I went to visit my friend Dawn in Toulouse from the 14th-16th. We met on the bus to the Rencontre Européenne. Toulouse, Albi, Agen, Montpellier, and Nîmes were all on the same bus and I’m so glad that we were and that frère Minh introduced us. Dawn has such a light about her and is one of the most bubbly people I’ve met- and her weird can definitely keep up with my weird which is a big plus ; )
Dawn met me at the train station upon my arrival and we headed to Capitole, the town hall of Toulouse. It’s an impressive building and you’re allowed to visit some of the rooms inside such as the hall of chandeliers.

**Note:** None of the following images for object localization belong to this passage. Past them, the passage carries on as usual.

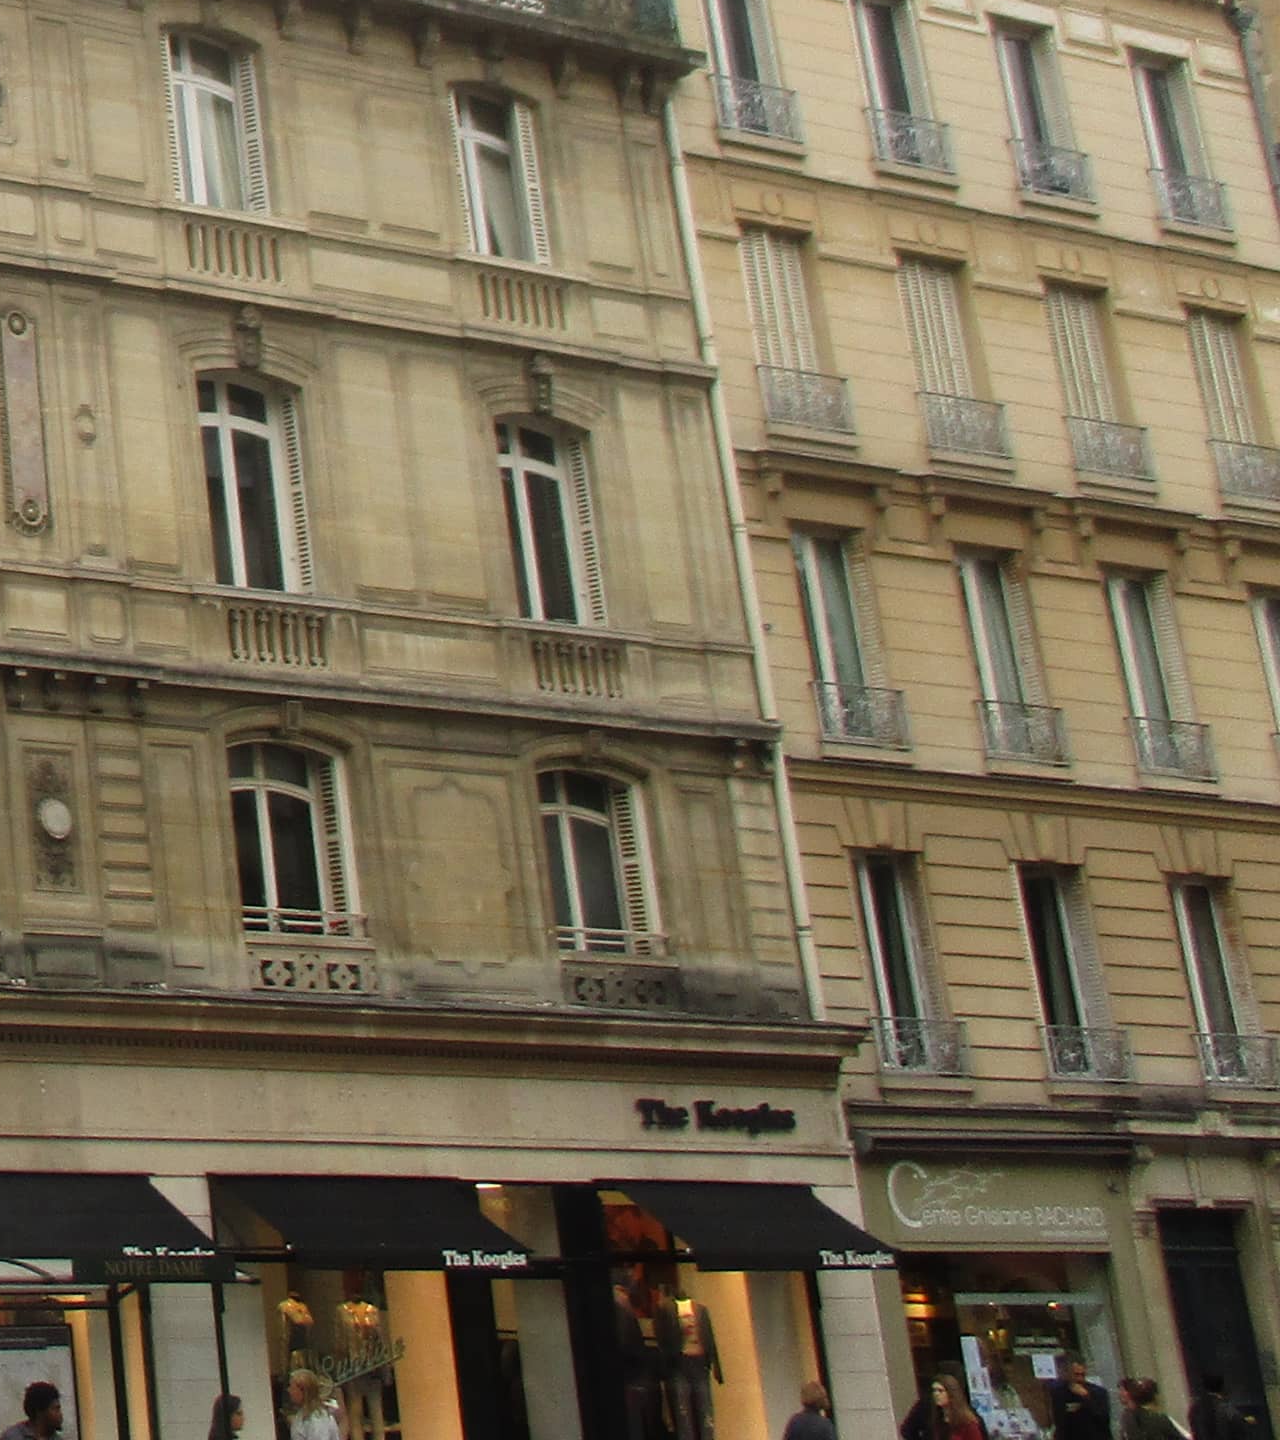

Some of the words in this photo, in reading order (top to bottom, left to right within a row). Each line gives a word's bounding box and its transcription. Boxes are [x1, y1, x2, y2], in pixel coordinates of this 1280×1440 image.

[634, 1098, 689, 1130] The
[442, 1249, 470, 1266] The
[472, 1249, 527, 1270] Kooples
[819, 1250, 844, 1265] The
[845, 1250, 896, 1268] Kooples

It’s gorgeous! The walls are covered in art. Sometimes framed art, sometimes murals and bas-reliefs, sometimes sculptures. It’s incredibly romantic, which works out nicely for couples getting married in Toulouse, because in France, before you can have a religious ceremony, you must have a civil one at the town hall. We did indeed see a bride waiting and saw the beginning preparations for a marriage.

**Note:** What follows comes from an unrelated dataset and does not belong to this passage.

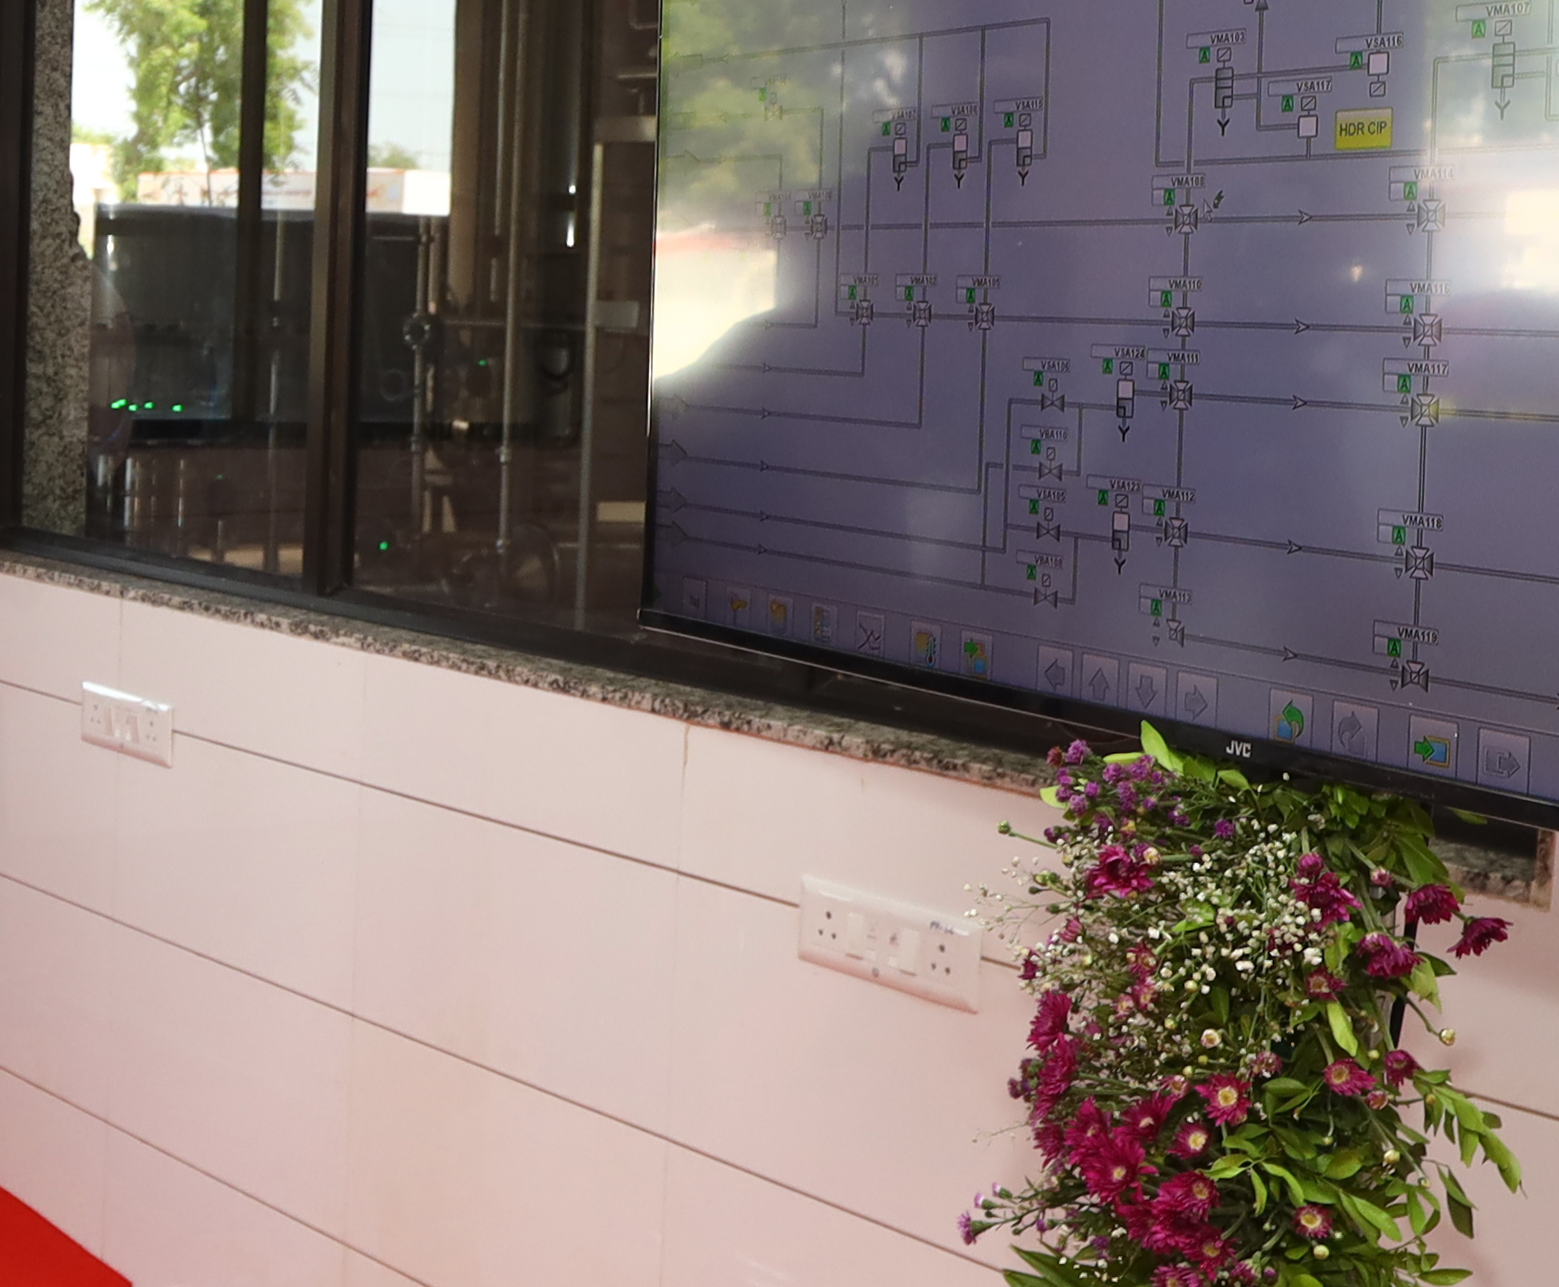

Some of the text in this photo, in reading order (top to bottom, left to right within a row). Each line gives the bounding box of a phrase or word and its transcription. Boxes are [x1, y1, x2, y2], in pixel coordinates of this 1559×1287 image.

[1365, 35, 1403, 49] VSA116
[1339, 120, 1388, 137] HDR CIP
[1225, 740, 1252, 759] JVC

Toulouse is known as “la ville rose,” or the pink city, for it’s distinct coral-hued brick architecture. Brick is not a common building material in France. However, Toulouse will always remain the violet city for me- its regional specialty is anything made of violet; candied violet, violet honey, violet soap, perfume, tea, mustard… I LOVE violet, it’s one of my favorite scents. Perhaps I get than from my great-grandmother, Nana, who also loved all things violet. Another specialty in the city is “pastel” soap. A woman in one of the shops explained that the scent and blue coloring comes from some sort of plant. It smells very clean in a good way. Think things scented “heavenly” and “sky.” I apologize for being so much in violet heaven that I didn’t snap any photos of any of the violet specialties, but courtesy of lamaisondelaviolette.com, you can kind of see what a gelée de violettes looks like. Personally, what I saw looked like it had been made by fairies. Needless to say, I had difficulty restraining myself in the violet shops. Toulouse problems. I can think of worse things in life. As I write this, there are candied violet petals in my mouth.

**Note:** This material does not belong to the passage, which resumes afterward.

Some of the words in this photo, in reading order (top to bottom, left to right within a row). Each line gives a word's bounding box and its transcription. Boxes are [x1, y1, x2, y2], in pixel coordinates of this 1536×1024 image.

Did you know that one of the Doctors of the Church is buried in Toulouse? I didn’t. Saint Thomas Aquinas is buried in the Couvent des Jacobins. Saint Thomas introduced the cardinal virtues; prudence, temperance, justice, and fortitude, as well as the theological virtues: faith, hope, and charity. As a young boy, he used to love being out in nature and sketching it, and from his experiences, he believed in the importance of nature and rational thinking joining with faith to understand God’s divine will (thank you, Professor Perry). The convent at which he is buried is architecturally interesting, with one pillar resembling a palm tree. The mirror around the base amplifies the effect. While the original stained glass windows were destroyed during WWII, the new windows are quite lovely.
We visited l’Église de la Durade, known for its black Virgin. According to Dawn, the Virgin’s clothes are changed regularly. I must admit, I love visiting churches. They’re so peaceful, yet each has a distinct personality. Some are more somber, some more joyful, some more pensive and they so often hold so much history and culture.
That night, I accompanied Dawn to daily mass and adoration at Saint-Sernin. I was shocked that on a Friday night, Valentine’s Day, there were about 50 students present. Dawn said it’s normal for so many students to come. They seem like a nicely dynamic group. While the South of France is typically more Protestant, Toulouse seems to be dominantly Catholic.
Let’s take a brief moment to talk about Valentine’s Day in France. In the United States, it’s a very commercial holiday. Not so much in France. Yeah, you may see a few hearts like these pastries, but it’s not that big a deal and they’re there for one day and one day only. Valentine’s is for lovers, not for friends or familial love.
We started the next day off bright and early with a bible study and then the most delicious palmier I have ever eaten in my life. Miam miam miam. Fuel for a day filled with sight-seeing and history learning. Dawn lives nearby the Garonne River where it overlooks l’Hôtel Dieu. Actually Dawn lives by EVERYTHING, but that’s another story. I think you can measure distance in Toulouse by number of minutes from Dawn’s apartment. In case you find something that is more than a few minutes from chez Dawn, Toulouse has a convenient metro with 2 lines. So I don’t end up writing a book on what we saw and did in Toulouse, here’s a photo album.
We ate so much good food. Cassoulet is a specialty of Toulouse consisting of duck sausage and duck meat so tender it falls off the bone served over beans cooked in the duck’s fat. You can get it in cans at your local supermarket, which is really strange to me. It tasted amazing, though!
I could really picture Toulouse as the perfect backdrop for steampunks. The bricks give it a somewhat modern industrial look, yet at the same time it retains a quaint Victorian aura, especially with the Canal du Midi and Canal de Brienne which run through the city.
I was sad to leave Toulouse. It’s a great city with great people and I had such a nice time seeing Dawn again. On the way home I made a friend on the train who put season 1 of The Big Bang Theory on my usb stick. Procrastination, here I come!